Como exemplos desses “limites aceitáveis”, Maas citou as tarifas de importação punitivas de Trump, as repatriações de bilhões de dólares em lucros da Europa por gigantes tecnológicos norte-americanos (“palavra-chave: imposto digital”, escreveu Maas), a falta de entusiasmo de Washington em relação às Nações Unidas e a retirada dos Estados Unidos do acordo nuclear com o Irã. Este último requer que a Europa alcance maior independência financeira, disse ele.
No momento, os governos europeus não podem oferecer muita proteção para grandes empresas com exposição ou financiamentos em dólares norte-americanos contra essas sanções unilaterais de Washington. Muitas dessas empresas, incluindo as montadoras Renault, Peugeot, Daimler e a petrolífera Total, colocaram seus planejamentos relacionados ao Irã em compasso de espera. Não está claro se as empresas menores, sem interesse no mercado dos Estados Unidos, têm energia suficiente para manter vivo o acordo com o Irã. Mas existem maneiras de financiar e desobstruir o comércio entre a Europa e o Irã. Os países europeus precisam encontrar bancos dispostos a abrir mão do dólar e de qualquer ligação com o sistema financeiro norte-americano pelo incentivo de negociar com as entidades sancionadas.
A Europa deveria procurar exemplos na Rússia.

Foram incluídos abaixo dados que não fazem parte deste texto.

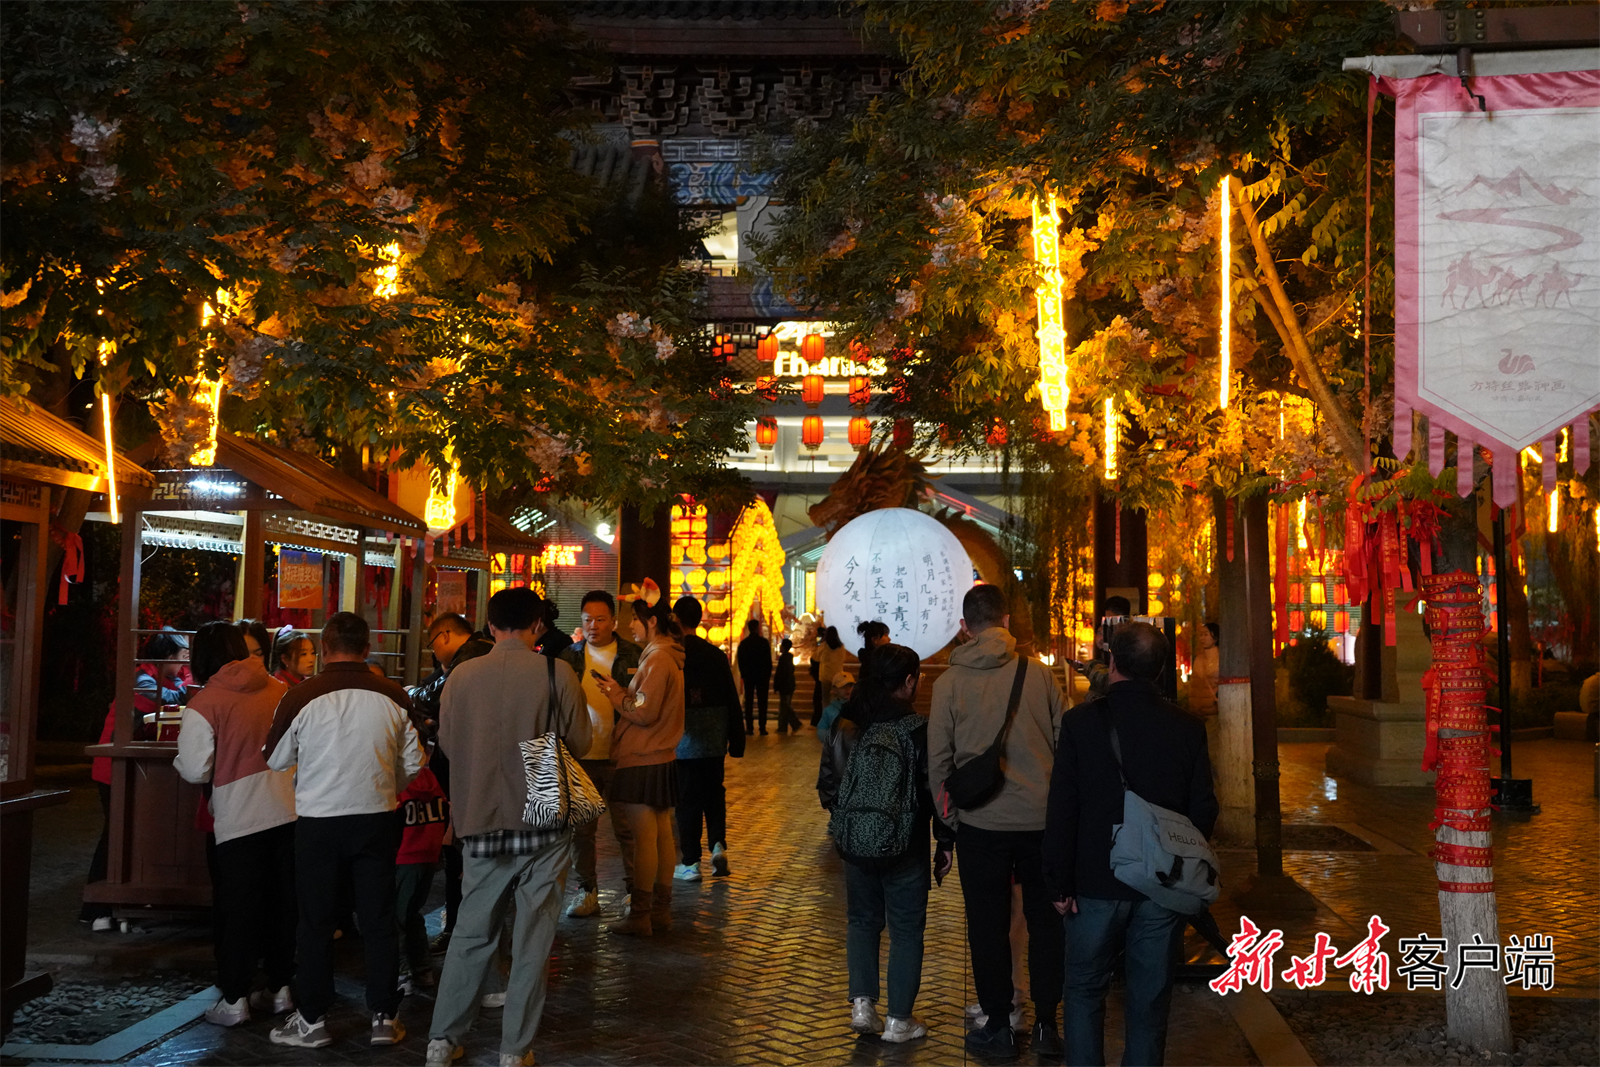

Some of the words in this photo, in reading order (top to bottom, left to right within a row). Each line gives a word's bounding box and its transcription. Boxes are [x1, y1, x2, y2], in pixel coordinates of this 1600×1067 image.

[1470, 380, 1566, 391] 方特丝路神画
[1168, 831, 1197, 845] HELLO

Em março de 2014, os Estados Unidos penalizaram o banco russo Rossiya, que possui entre seus acionistas amigos ricos do presidente Vladimir Putin. O banco perdeu a capacidade de negociar com bancos norte-americanos e, de acordo com o Wall Street Journal, teve 572 milhões de dólares congelados em suas contas nos Estados Unidos. Em abril, Washington impôs restrições semelhantes ao SMP Bank, parcialmente controlado pelo amigo de Putin, Arkady Rotenberg. As sanções, no entanto, não mataram nenhuma das duas bem relacionadas instituições; na verdade, seus ativos aumentaram em termos de dólares, mesmo quando tiveram que abrir mão da moeda norte-americana.

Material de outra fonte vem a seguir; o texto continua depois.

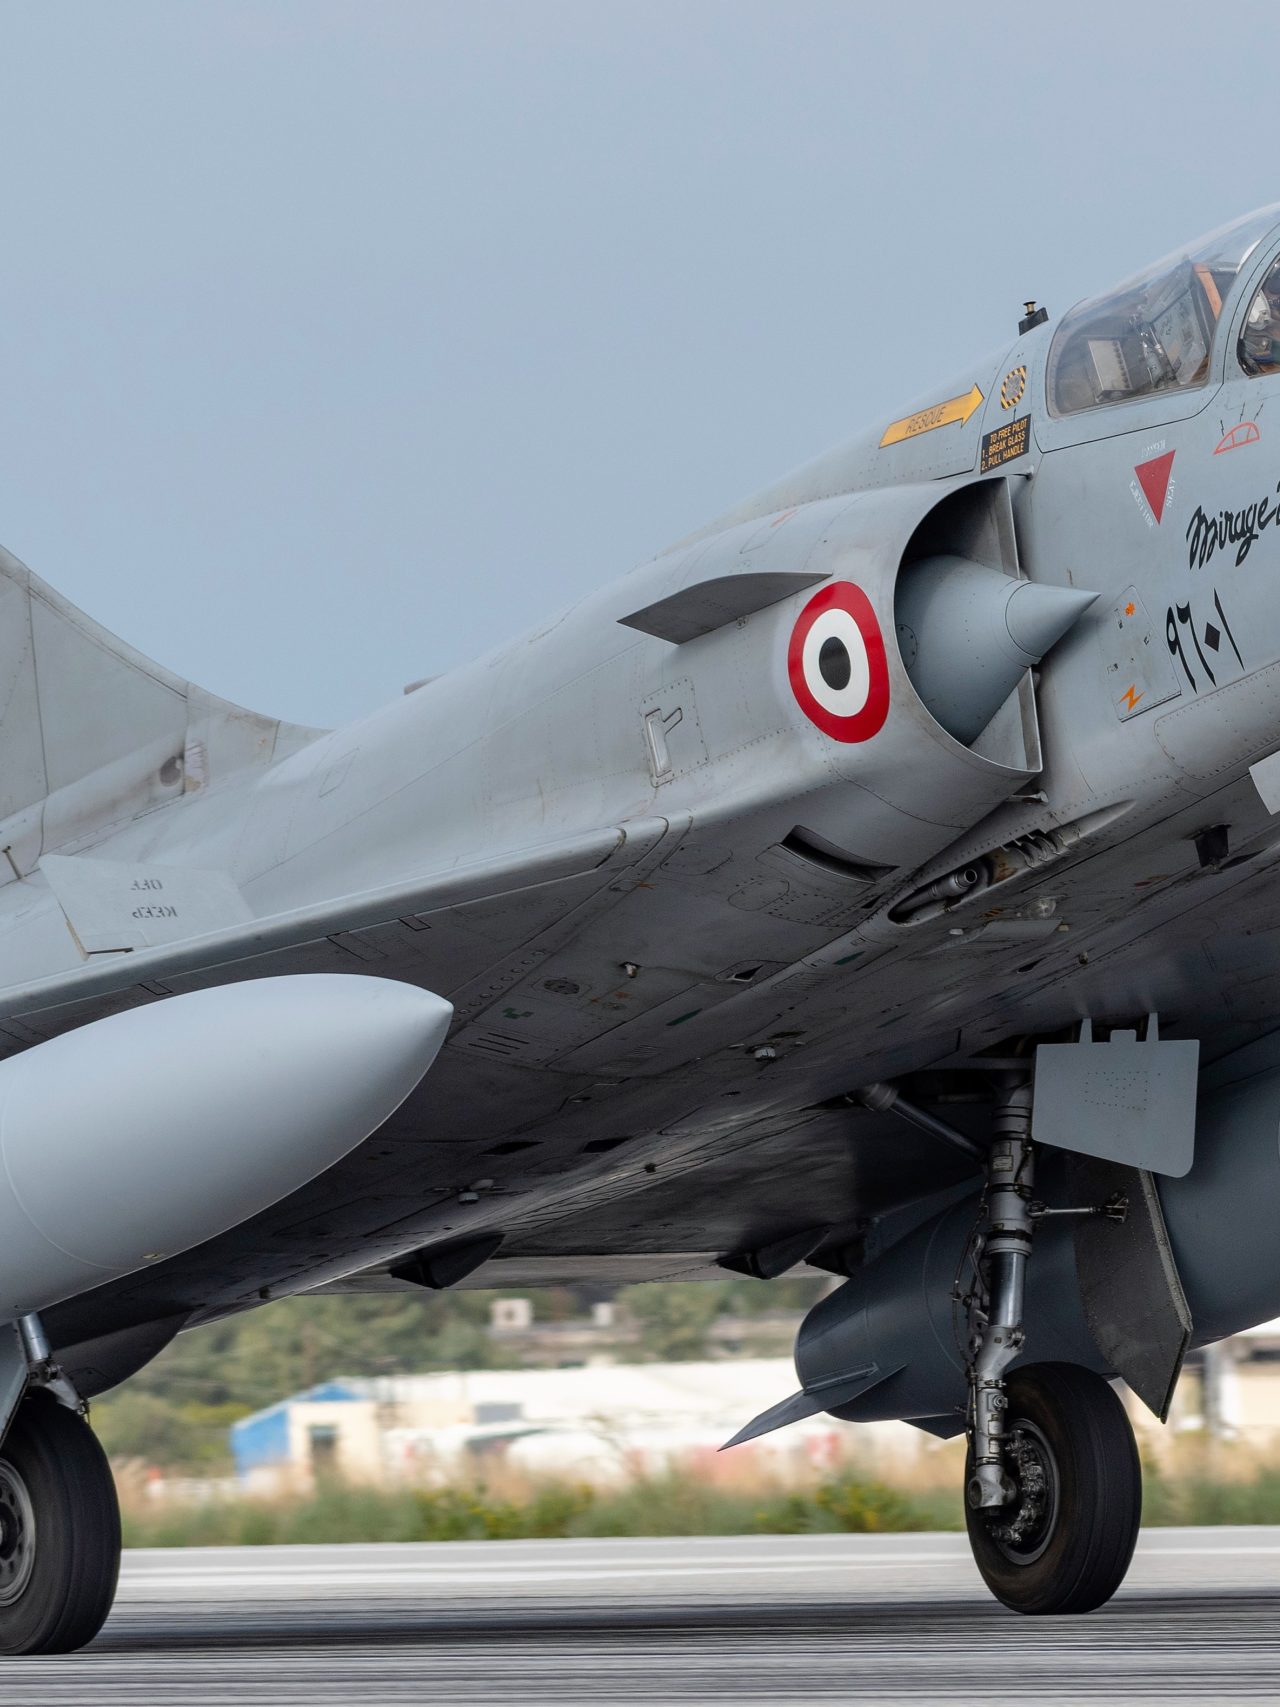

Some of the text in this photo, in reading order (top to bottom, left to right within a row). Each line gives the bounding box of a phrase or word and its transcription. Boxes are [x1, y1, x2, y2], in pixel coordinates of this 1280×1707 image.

[905, 406, 947, 434] RESCUE
[990, 418, 1028, 444] TO FREE PILOT
[989, 439, 1006, 456] BREAK
[1007, 430, 1025, 447] GLASS
[981, 442, 1025, 471] 2. PULL HANDLE
[130, 879, 163, 891] OFF
[132, 906, 178, 919] KEEP

Os ativos de Rossiya cresceram mais rápido do que os do banco estatal Sberbank, o maior da Rússia. O Sberbank é forçado a ficar longe da Crimeia devido à ameaça norte-americana de sanções tão rígidas quanto as que afetam os bancos Rossiya e o SMP. Liberado de tais preocupações pelas sanções já impostas pelos Estados Unidos e sem enfrentar concorrência significativa, o Rossiya desenvolveu um grande banco de varejo e começou a financiar projetos de desenvolvimento na península. Tanto o Rossiya quanto o SMP Bank receberam apoio do governo russo e de empresas estatais através de grandes depósitos.

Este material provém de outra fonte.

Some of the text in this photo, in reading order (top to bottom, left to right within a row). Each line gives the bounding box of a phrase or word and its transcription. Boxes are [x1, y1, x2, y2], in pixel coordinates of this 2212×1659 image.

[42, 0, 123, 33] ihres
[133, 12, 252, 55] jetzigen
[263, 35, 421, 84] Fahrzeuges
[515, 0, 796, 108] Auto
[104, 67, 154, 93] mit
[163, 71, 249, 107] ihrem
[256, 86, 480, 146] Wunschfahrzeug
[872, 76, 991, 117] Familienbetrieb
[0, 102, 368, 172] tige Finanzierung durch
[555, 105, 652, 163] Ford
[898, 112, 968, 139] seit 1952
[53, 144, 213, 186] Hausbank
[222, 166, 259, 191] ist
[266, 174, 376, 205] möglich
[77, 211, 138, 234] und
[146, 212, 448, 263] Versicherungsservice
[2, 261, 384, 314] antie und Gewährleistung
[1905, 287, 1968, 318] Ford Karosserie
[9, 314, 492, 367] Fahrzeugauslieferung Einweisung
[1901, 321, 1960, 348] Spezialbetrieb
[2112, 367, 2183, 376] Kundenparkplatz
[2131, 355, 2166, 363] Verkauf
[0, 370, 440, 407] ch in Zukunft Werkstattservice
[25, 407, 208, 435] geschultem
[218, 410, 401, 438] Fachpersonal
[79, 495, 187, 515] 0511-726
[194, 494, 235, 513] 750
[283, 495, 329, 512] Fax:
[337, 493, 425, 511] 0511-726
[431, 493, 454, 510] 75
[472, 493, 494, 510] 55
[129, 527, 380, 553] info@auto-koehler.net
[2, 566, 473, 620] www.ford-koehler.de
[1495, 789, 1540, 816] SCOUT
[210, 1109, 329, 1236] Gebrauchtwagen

Se os europeus estiverem levando a sério o estabelecimento de “canais de pagamento independentes dos Estados Unidos”, eles precisam de bancos, privados ou estatais, como o Rossiya e o SMP. Se tais instituições financeiras já existem, ou podem ser criadas, depende de quão sérios os governos europeus sejam sobre não compactuar com as sanções extraterritoriais impostas pelos Estados Unidos. O governo alemão, pelo menos, deveria encarar o tema de forma suficientemente séria: seus interesses econômicos divergem muito dos de Washington, com ou sem Trump. Negociar com adversários americanos como a Rússia e o Irã pode ser mais atraente para algumas empresas alemãs do que adquirir ganhar visibilidade nos Estados Unidos.
Resta saber se os líderes europeus terão a coragem de seguir na direção apontada por Maas. Isso seria um salto para o desconhecido e, inevitavelmente, seria visto pelos Estados Unidos como intensificação das tensões. Mas se a Europa espera desempenhar um papel de contrapeso aos Estados Unidos, precisa ir além dos artigos de jornal, mesmo aqueles escritos por poderosos ministros das Relações Exteriores.